*MATERIAL SHOWN*:

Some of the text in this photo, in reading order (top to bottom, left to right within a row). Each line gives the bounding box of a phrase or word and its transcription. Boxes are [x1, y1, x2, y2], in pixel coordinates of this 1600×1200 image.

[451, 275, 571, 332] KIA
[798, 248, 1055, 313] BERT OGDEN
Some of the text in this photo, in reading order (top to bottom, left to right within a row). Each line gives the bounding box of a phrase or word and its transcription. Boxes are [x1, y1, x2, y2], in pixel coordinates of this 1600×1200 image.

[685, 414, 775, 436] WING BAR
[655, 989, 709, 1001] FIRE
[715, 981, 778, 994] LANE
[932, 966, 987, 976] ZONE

*TASK GOAL*: All of the entries should be repeated word for word.

*REPLY TO THE TASK*:
Some of the text in this photo, in reading order (top to bottom, left to right within a row). Each line gives the bounding box of a phrase or word and its transcription. Boxes are [x1, y1, x2, y2], in pixel coordinates of this 1600×1200 image.

[451, 275, 571, 332] KIA
[798, 248, 1055, 313] BERT OGDEN
Some of the text in this photo, in reading order (top to bottom, left to right within a row). Each line gives the bounding box of a phrase or word and its transcription. Boxes are [x1, y1, x2, y2], in pixel coordinates of this 1600×1200 image.

[685, 414, 775, 436] WING BAR
[655, 989, 709, 1001] FIRE
[715, 981, 778, 994] LANE
[932, 966, 987, 976] ZONE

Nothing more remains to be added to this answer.